Using a VPN will always make your connection a little bit slower. That's just physics: your traffic travels further, makes an extra stop, and gets encrypted on the way. But "a little bit slower" shouldn't mean buffering or dropped quality. A good VPN on a decent connection should still leave you with plenty of speed for HD or 4K. If yours feels noticeably sluggish, something's off, and it's usually one of a small handful of things that are pretty easy to fix.

How to tell if your VPN is actually causing the slowdown

First, let's make sure the VPN is actually the culprit. Disconnect it, head to fast.com or speedtest.net, and take note of your speed. Then reconnect and run the same test again. That gap between the two numbers is what your VPN is costing you.

Under about 20%? Honestly, that's pretty normal and the slowness is probably coming from somewhere else. More than half your speed gone with the VPN on? That's worth fixing. For context: Netflix needs around 5 Mbps for HD and 25 Mbps for 4K, and BBC iPlayer uses somewhere between 3 and 5 Mbps for HD. Not exactly sky-high bars. The thing is, VPN slowdowns don't always show up as a low average speed. More often, it's a connection that dips every minute or so that causes buffering, even if the overall numbers look okay.

Switching VPN protocol: the quickest speed fix

If you're on OpenVPN, this is the first thing to change. OpenVPN is perfectly reliable but it was built at a time when processing power was more of a constraint. WireGuard is newer and leaner, and in practice it's noticeably faster on most connections. It's not a guarantee, but it's the single quickest thing to try.

In NordVPN: Settings > Connection > VPN Protocol > NordLynx. In ExpressVPN: Preferences > Protocol > Lightway. Our protocol guide has the steps for every major app. Switch, reconnect, and run that speed test again to see whether it's helped.

Connect to a closer VPN server

The further your data has to travel, the longer it takes. Every extra kilometre between you and the VPN server adds a little delay, and those add up. A server nearby will almost always be faster than one on the other side of the world, for no reason other than proximity.

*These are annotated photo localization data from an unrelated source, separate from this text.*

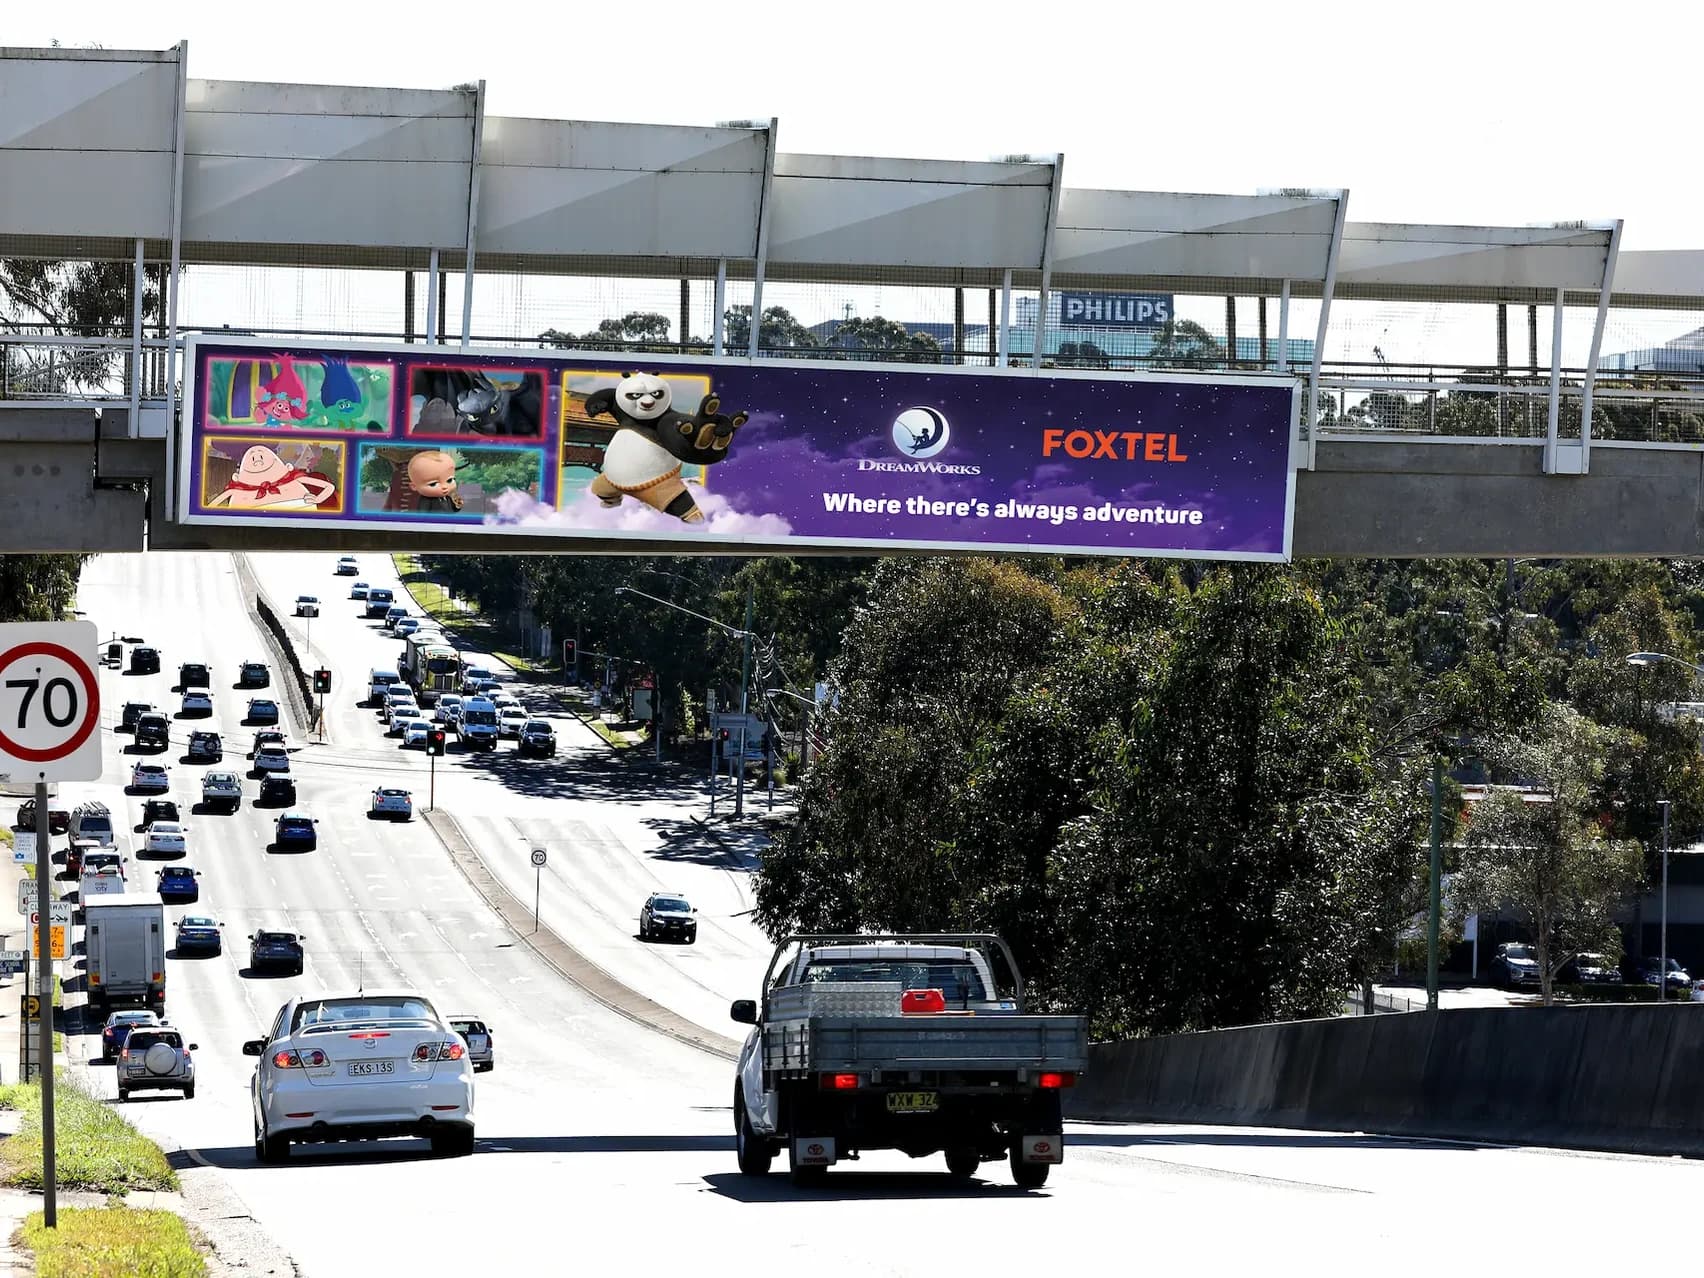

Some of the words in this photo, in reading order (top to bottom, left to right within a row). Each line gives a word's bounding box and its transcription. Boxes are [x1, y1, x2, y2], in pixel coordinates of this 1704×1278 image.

[1067, 298, 1168, 322] PHILIPS
[1042, 429, 1188, 462] FOXTEL
[823, 492, 901, 514] Where
[906, 495, 990, 518] there's
[994, 498, 1078, 525] always
[1082, 502, 1203, 525] adventure
[6, 677, 78, 728] 70
[353, 1064, 371, 1074] EKS
[889, 1093, 913, 1107] WXW
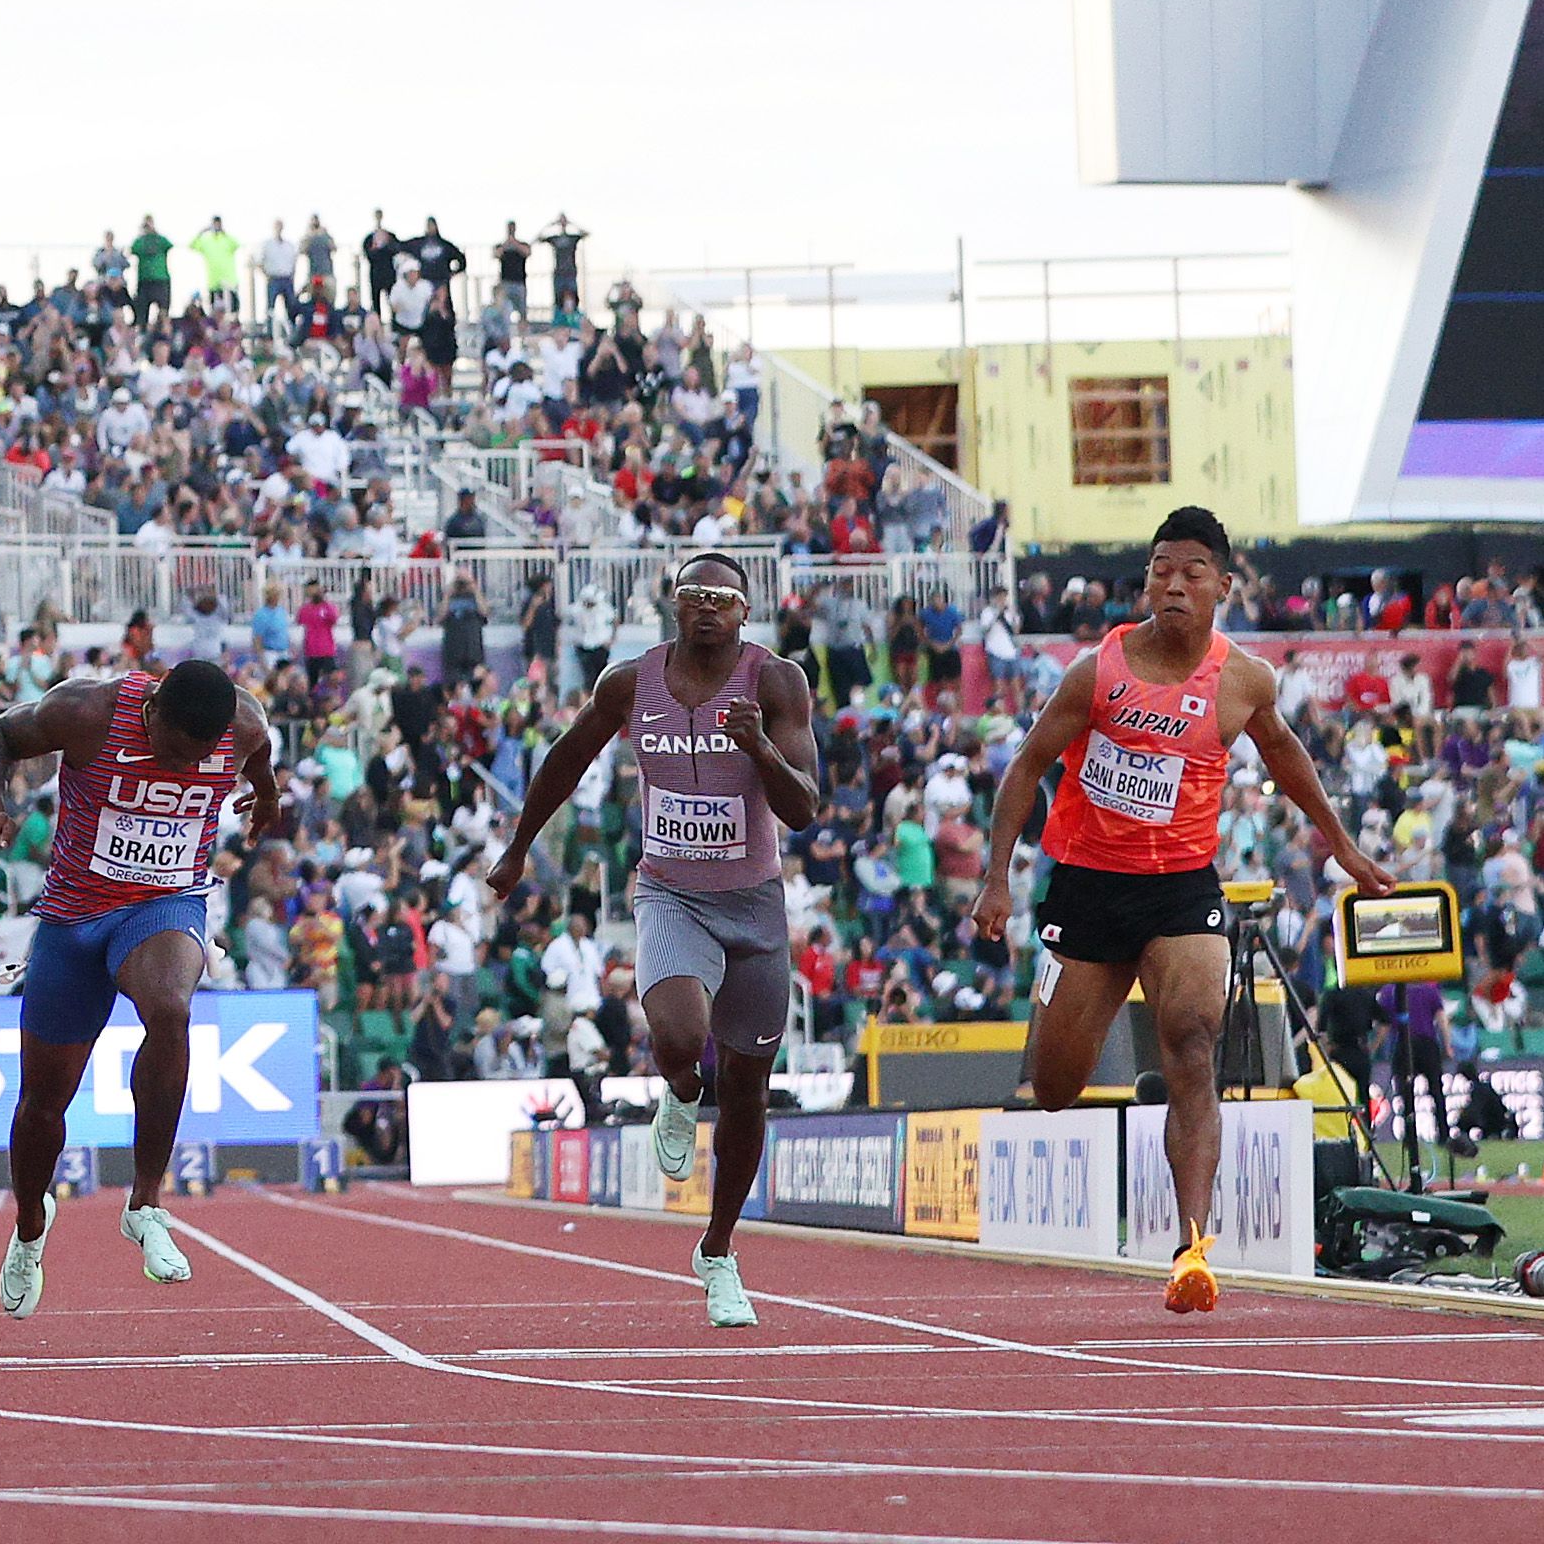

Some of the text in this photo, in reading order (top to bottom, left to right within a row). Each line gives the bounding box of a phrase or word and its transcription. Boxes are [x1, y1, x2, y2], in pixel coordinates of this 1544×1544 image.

[1111, 707, 1189, 738] JAPAN
[641, 733, 740, 754] CANADA
[1113, 746, 1168, 774] TDK
[1084, 758, 1174, 803] SANI BROWN
[108, 776, 214, 816] USA
[674, 799, 731, 817] TDK
[1087, 791, 1155, 819] OREGON22
[134, 818, 191, 838] TDK
[656, 815, 736, 842] BROWN
[108, 835, 187, 865] BRACY
[106, 866, 177, 885] OREGON22
[179, 1151, 204, 1181] 2

If you need a specific country for streaming, you still have options within that country. If you're in Europe and connecting to a US service, New York or Miami will generally be faster than Los Angeles just because they're closer to you geographically. For UK services, you're already nearby, so any UK city should do the job well.

Try a different server in the same country

Not all servers in a city are created equal. One might be handling tens of thousands of connections right now while another nearby is barely being used. Swapping to a different server in the same city is one of those things that sounds too simple, but it genuinely works more often than you'd expect.

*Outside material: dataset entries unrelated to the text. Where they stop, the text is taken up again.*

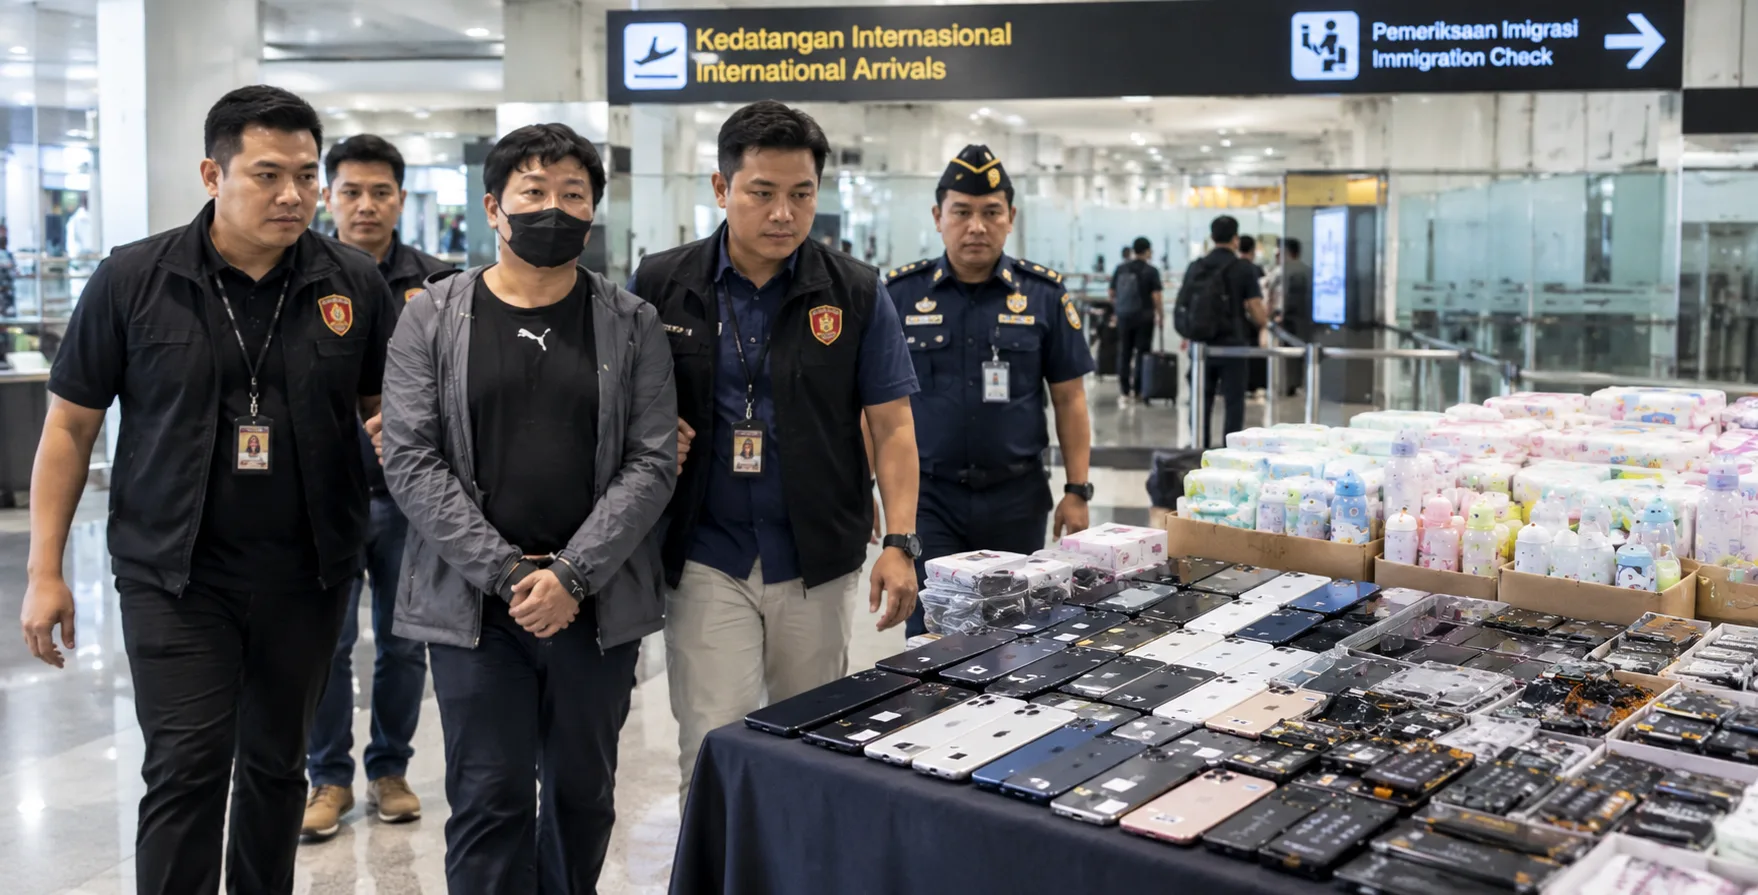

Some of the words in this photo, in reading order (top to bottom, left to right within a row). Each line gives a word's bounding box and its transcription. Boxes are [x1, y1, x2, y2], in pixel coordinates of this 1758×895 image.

[697, 27, 845, 55] Kedatangan
[852, 22, 1012, 48] Internasional
[1372, 20, 1499, 42] Pemeriksaan
[1502, 18, 1579, 43] Imigrasi
[696, 57, 846, 83] International
[853, 56, 947, 81] Arrivals
[1372, 48, 1486, 72] Immigration
[1489, 45, 1554, 67] Check

In NordVPN, pick a specific city from the list instead of letting the app choose for you, then try a couple of options with a speed test in between. ExpressVPN is the same. Our server switching guide walks you through it for each app.

How wi-fi affects VPN speed

Your VPN can only work with what your broadband connection actually gives you. If your internet is already slow or patchy without the VPN running, adding one on top isn't going to improve things.

Wi-fi is a bigger factor than most people realise. A 500 Mbps line can easily deliver just 30 Mbps at your device if the wi-fi signal is weak, and then VPN overhead eats into that further. Moving closer to the router, switching to the 5GHz band, or just plugging in an ethernet cable can solve what feels like a VPN speed problem. Easy test: if things are fine on ethernet but slow on wi-fi, the VPN isn't what you need to fix.

Why VPNs run slow at peak hours

VPN servers get busy in the evenings, just like the internet generally does. Somewhere around 7pm to 10pm tends to be when things slow down the most. If your VPN is noticeably worse in the evening but fine in the morning or afternoon, congestion is almost certainly why, and it's nothing to do with your settings.

Servers in smaller cities tend to be quieter even at peak times, so moving away from a big hub like London or New York can make a real difference. It's a good idea to try at a different time of day to confirm that's actually the pattern before you go any further.

When your VPN provider is the bottleneck

If you've worked through the protocol, the server, and the wi-fi and speeds are still reliably poor, it might genuinely be the VPN provider. Free VPNs almost always throttle speeds and their server networks are small enough that congestion is basically baked in. But even some paid providers struggle in certain regions.

NordVPN and ExpressVPN both hold up well across different locations and times in our testing, and neither tends to have server congestion as a limiting issue. If you're on something smaller or cheaper and speeds are just never good, that's the kind of thing that changing your protocol and server won't fix, and a better provider will.